Rethinking Resilience – Capacities of Relief Staff & Volunteers in Disaster Zones

Something amazing is happening in the NGO (non-government organizations / charities) sector:

A fundamental rethink of deployment strategies is now under way.

This is really exciting news for everyone, not just those of us that are involved in some way small or large with Disaster Risk Reduction, or DRR for short. After all in today’s world, it is all too easy for any of us to experience a role switch from being a giver of aid to that of being a recipient. You may want to check out my earlier post on Altruism and Resilience and why it pays to be kind.

So, what exactly is taking place and where and when did it all start?

Source: USA todayThe devastating Nepal Earthquake seems to have been one of those ‘tipping points’ – although here Malcolm Gladwell’s original concept is blown out of all proportion for there certainly was nothing ‘little’ that made a big difference.

Maybe I should borrow the term mother of all wake-up calls instead as a description of how it all started. In any case, what really matters is that things are changing – and, most importantly –  for the better.

At first, we received isolated enquiries. More came. Then volunteer groups and now NGOs.

They are requesting custom-made Personal Deployment Kits including Emergency Food to support teams throughout their deployment phase.

Source: The TelegraphTypically teams of between one or two dozen specialists are sent to disaster zones for up to 2 – 3 weeks at which point they are rotated back and replaced if needed. Thus far they brought with them their specialist equipment but relied on local supplies for food and shelter. No longer!

Kits are now being designed by our team so that DRR workers can be fully self-sufficient and avoid placing strain on the local infrastructure. Naturally, kit contents are different depending on the specific situation and organisation so I’m sorry that I can’t give you any teasers nor can I name the involved NGOs thus far.

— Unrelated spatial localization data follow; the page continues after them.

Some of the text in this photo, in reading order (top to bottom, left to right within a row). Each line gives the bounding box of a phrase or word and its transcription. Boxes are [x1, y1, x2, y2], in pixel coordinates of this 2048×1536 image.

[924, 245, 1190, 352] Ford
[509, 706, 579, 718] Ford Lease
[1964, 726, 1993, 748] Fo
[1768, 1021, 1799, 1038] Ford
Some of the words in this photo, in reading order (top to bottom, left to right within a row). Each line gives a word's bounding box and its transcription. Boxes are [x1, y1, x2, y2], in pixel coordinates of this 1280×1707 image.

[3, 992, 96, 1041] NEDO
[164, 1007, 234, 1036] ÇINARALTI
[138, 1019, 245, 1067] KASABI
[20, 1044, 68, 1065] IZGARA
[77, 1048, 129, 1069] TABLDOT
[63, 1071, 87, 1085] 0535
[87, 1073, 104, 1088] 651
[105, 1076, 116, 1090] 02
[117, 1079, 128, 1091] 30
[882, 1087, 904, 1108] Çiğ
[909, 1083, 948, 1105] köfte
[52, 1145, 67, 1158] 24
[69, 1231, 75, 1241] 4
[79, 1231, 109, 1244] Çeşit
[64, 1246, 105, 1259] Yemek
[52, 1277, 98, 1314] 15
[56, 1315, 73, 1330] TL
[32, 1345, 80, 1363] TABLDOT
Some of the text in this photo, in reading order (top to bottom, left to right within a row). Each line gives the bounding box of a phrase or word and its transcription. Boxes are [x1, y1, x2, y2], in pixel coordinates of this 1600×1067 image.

However, if you are in any way involved as a volunteer or staff in relief or aid work I would encourage you to talk to your organization and get them better prepared with a better integrated and more robust approach.

Things to consider:

– deploying on commercial airlines? Do standard flight safety rules apply on military transports? Items such as matches or flameless-ration heaters (used in food preparation) are restricted for commercial air travel. More info on types of Emergency Survival Food

– how many meals, how many persons? Freeze dried food are lightest and thus easiest to transport and store. They can be reconstituted by adding hot water; see water purification and food preparation

– how much can be stored in a location, how much needs to be carried as for example in a Go-Bag style backpack? Balancing the right contents yet avoiding excess weight is crucial.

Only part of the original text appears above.